Between 1910 and 1914, Bumke was an associate professor for psychiatry and neurology at Freiburg University. In 1914, he transferred to Rostock to succeed Fedor Schuchardt both as a professor and as the director of the local asylum. Just two years later, however, he accepted a call to Breslau University to become the successor to Alois Alzheimer (Kreuter 1996: 206). In 1921, Bumke was appointed professor and director at Leipzig University’s medical school in succession to Paul Flechsig, of whose work in neuropsychiatry he was rather critical (Steinberg 2008). He transferred to Munich University in 1924. In the same year, he was – surprisingly – appointed to the university’s Chair of Psychiatry as successor to Emil Kraepelin. Bumke served as rector of Munich University during the academic year 1928/29 and – with a brief interruption – remained at this university until his retirement in 1947 (cf. Hippius et al 2005: 109 ff.).

 

Expert opinions and activities during the Nazi era

Oswald Bumke was part of the team of specialists (along with Otfried Foerster, Max Nonne, Oskar Minkowski, Salomon E. Henschen, and Adolf Strümpell) invited to Moscow in the spring of 1923 to examine the increasingly critical condition of Lenin (cf.

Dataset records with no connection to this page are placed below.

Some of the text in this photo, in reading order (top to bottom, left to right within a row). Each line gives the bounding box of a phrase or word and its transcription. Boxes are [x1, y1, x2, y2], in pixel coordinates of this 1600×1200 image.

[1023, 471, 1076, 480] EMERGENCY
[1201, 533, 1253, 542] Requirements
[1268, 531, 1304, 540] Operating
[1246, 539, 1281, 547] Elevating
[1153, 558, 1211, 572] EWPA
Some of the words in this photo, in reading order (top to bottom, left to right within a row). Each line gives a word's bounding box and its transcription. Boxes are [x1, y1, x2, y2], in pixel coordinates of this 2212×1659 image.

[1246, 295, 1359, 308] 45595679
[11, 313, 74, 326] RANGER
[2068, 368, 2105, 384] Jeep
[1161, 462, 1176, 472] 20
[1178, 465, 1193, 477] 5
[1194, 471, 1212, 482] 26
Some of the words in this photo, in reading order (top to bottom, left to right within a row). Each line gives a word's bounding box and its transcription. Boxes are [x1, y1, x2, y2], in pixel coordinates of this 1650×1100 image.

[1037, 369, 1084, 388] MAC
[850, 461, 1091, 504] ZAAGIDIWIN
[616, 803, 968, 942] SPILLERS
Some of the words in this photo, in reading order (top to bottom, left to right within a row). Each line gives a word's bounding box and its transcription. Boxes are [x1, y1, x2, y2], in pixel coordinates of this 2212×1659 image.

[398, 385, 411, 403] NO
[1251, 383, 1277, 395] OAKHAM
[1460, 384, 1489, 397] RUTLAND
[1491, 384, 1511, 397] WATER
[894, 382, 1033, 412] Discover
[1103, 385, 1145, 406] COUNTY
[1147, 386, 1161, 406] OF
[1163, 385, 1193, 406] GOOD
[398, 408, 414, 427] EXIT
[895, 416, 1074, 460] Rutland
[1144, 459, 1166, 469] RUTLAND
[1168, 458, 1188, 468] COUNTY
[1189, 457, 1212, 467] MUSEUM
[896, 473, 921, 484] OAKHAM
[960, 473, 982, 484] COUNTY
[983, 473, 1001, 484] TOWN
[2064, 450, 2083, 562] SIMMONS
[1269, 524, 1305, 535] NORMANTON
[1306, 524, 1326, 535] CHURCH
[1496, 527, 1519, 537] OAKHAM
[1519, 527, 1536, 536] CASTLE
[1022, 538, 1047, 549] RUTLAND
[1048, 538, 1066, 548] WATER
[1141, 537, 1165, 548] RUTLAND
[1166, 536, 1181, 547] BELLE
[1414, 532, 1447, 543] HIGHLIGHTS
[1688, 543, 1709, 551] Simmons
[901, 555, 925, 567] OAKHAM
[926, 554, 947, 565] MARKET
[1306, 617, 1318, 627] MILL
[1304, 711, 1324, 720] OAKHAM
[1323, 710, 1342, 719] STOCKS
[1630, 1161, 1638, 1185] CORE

Schwann 1974). In the same year, he assessed the attempted assassin of Hitler, Georg Elser (1903–1945), about whom he stated in his later autobiography Erinnerungen und Betrachtungen [Memories and Reflections]: “There was nothing wrong with him. He declared to be a communist and pacifist, which was why he had wanted to eliminate Hitler and his people because this would have been to only way to avoid the war or, at least, to end it quickly” (1952: 181; translated from German; cf. Steinbach & Tuchel 2008).

 

After 1933, Bumke remained active as a scholar and clinician but kept a low profile on political issues. Despite disapproving the killing of patients, he seems to have hardly ever intervened against it. He was a supporting member of the SS, joined the National Socialist Teachers’ League, served as a consulting military psychiatrist and, in 1944, as a staff surgeon in the rank of a colonel (Klee 2005: 84 f.). But in his autobiography – written after the war –, there is a clear diagnostic reckoning with Hitler, whom Bumke (1952) described as a schizoid “psychopath”.

 

Criticism of degeneration theory and psychoanalysis

In 1919, Bumke published Die Diagnose der Geisteskranken [Diagnosis of the Mentally Ill], a monograph that was well received in the expert community, and reworked it into a textbook on mental illness in 1924. He also published the multi-volume Handbuch der Geisteskrankheiten [Handbook of Mental Illness] between 1928 and 1939 and, together with Otfried Foerster, the Handbuch der Neurologie [Handbook of Neurology] between 1935 and 1937. And for many years, he was the co-editor of the renowned journal Archiv für Psychiatrie und Nervenkrankeiten [Archives of Psychiatry and Nervous Diseases].

 

Significant in retrospect is Bumke’s 1912 work Über nervöse Entartung [On Nervous Degeneration], in which he critically examined and ultimately rejected Morel’s speculative degeneration theory. In the revised 1922 edition, he was one of the few members of the psychiatric community to oppose the emerging idea of “racial hygiene” and its advocates, especially Ernst Rüdin, but without being able to assert his position (Steinberg 2008: 351 f.).

 

Many of Bumke’s publications deal with the work of Sigmund Freud. His 1939 text Die Psychoanalyse. Eine Kritik[Psychoanalysis. A Critique] raised the question whether psychoanalysis was scientific at all. Bumke (1922) was certainly interested in an “understanding psychology” but preferred the concept of the “subconscious mind” (instead of the “unconscious mind”). He thus acknowledged some of Freud’s important insights but discounted the libido theory and rejected Freud’s therapeutic practice: “However, I reject Freud’s dogmas, and even more than the content of his teachings, I fight his method – because it flies in the face of everything that, from my point of view, is exact and thus verifiable scientific research” (Bumke 1939: 5; translated from German). Unlike in the US, psychoanalysis was hardly practiced in German clinics for a long time.

 

In December 1946, the US occupation forces suspended Bumke from his office as director of the psychiatric clinic after public allegations of involvement in Nazism. He was cleared and reinstated in 1947 but retired the same year (Hippius 2003: 18). Bumke died in Munich in 1950 after long illness.

 

Literature

Bumke, O. (1906): Was sind Zwangsvorgänge? Halle: Marhold.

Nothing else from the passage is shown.